Robert Dale Slocum is an American biologist and botanist. He is a professor of biology in the Center for Natural Sciences at Goucher College. His research focuses on plant physiology, molecular biology, and biotechnology.

== Education ==
Slocum completed a Bachelor of Arts at University of Maine. In 1977, Slocum earned a Master of Science from Ohio State University. His master's thesis was titled Effects of SO₂ and pH on the ultrastructure of the Trebouxia phycobiont of the pollution-sensitive lichen Parmelia caperata (L.) Ach. He earned a doctorate from University of Texas at Austin in 1981. His dissertation is titled Studies on the localization of phytochrome and calcium in light-and-gravity-stimulated plants.

== Career ==
Slocum researches the physiology of plants, adaptation to environmental stresses, nitrogen metabolism, and the molecular biology and biotechnology of plants. Slocum was a professor in the Department of Botany at Williams College. In 1991, he published Biochemistry and Physiology of Polyamines in Plants. Slocum joined the faculty at Goucher College in 1992. He is a Professor of Biology in the Center for Natural Sciences at Goucher. In 2005, Slocum received a 3-year grant for $340,000 from the National Science Foundation. With the grant, Slocum and Christopher T. Brown of the National Human Genome Research Institute conducted research on the regulation of pyrimidine metabolism in plants with a team of undergraduates.
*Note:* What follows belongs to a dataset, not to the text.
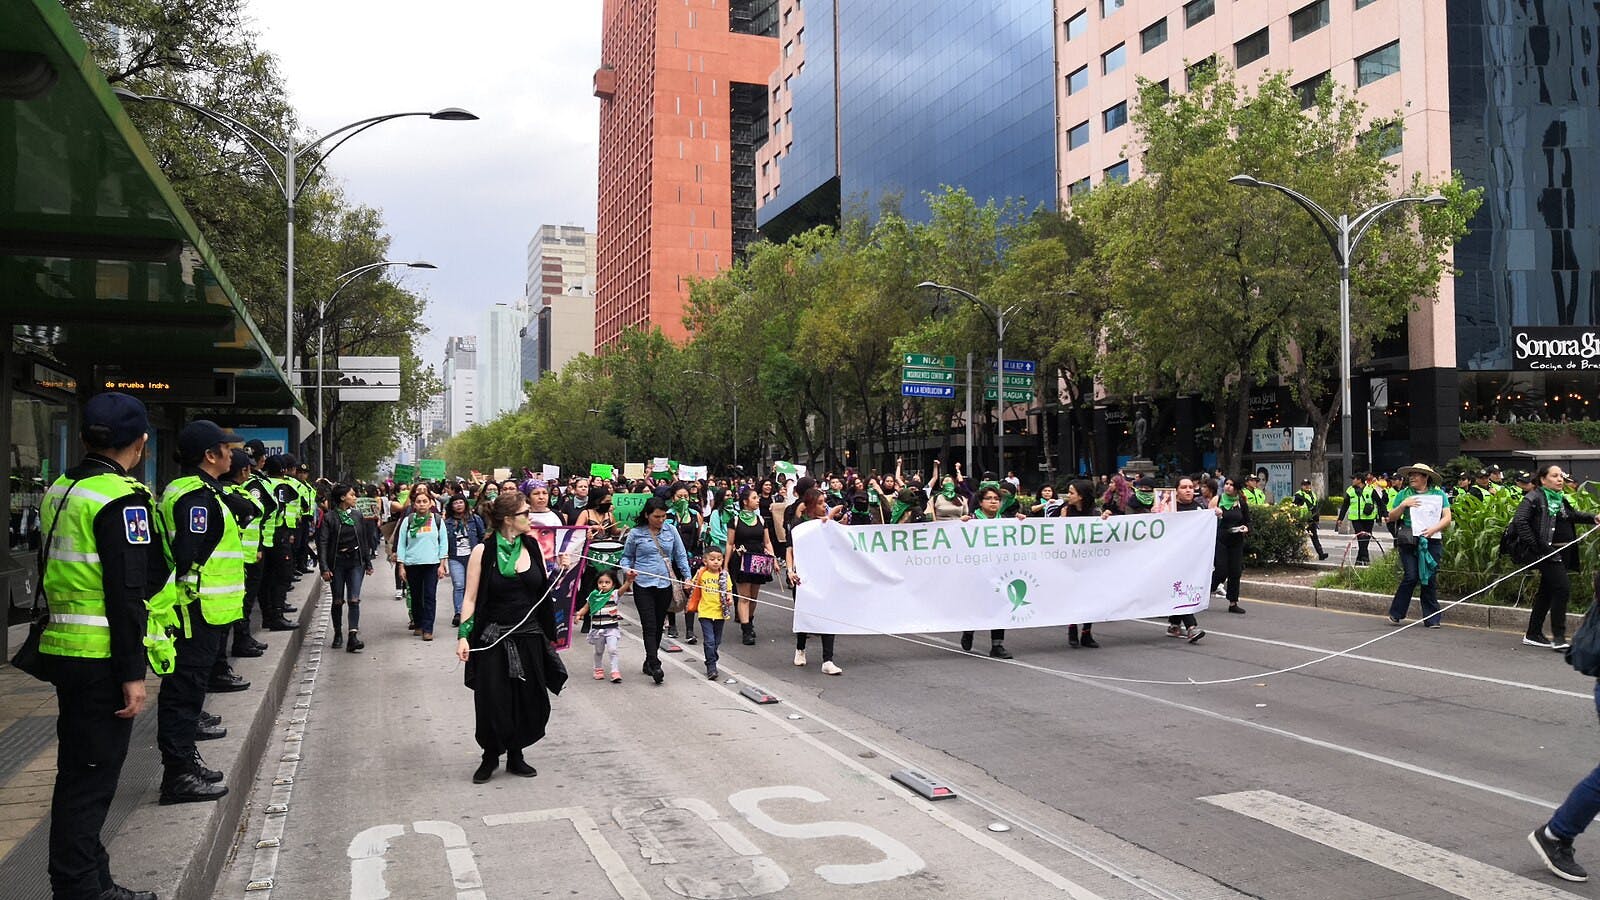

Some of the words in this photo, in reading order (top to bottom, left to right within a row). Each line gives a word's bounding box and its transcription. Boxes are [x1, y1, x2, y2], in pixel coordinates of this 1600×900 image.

From 2011 to 2012, Slocum was a rotating program director of the National Science Foundation's Division of Integrative Organismal Systems.

== Selected works ==

=== Books ===

- "Biochemistry and physiology of polyamines in plants" (1991)

=== Articles ===

- Slocum, Robert D. (1984). "The physiology and biochemistry of polyamines in plants"
- Slocum, Robert D. (1985). "Changes in Polyamine Biosynthesis Associated with Postfertilization Growth and Development in Tobacco Ovary Tissues"
- Slocum, Robert D. (2005). "Genes, enzymes and regulation of arginine biosynthesis in plants"
- Slocum, Robert D. (2013). "NSF Support of Research at Primarily Undergraduate Institutions (PUIs)"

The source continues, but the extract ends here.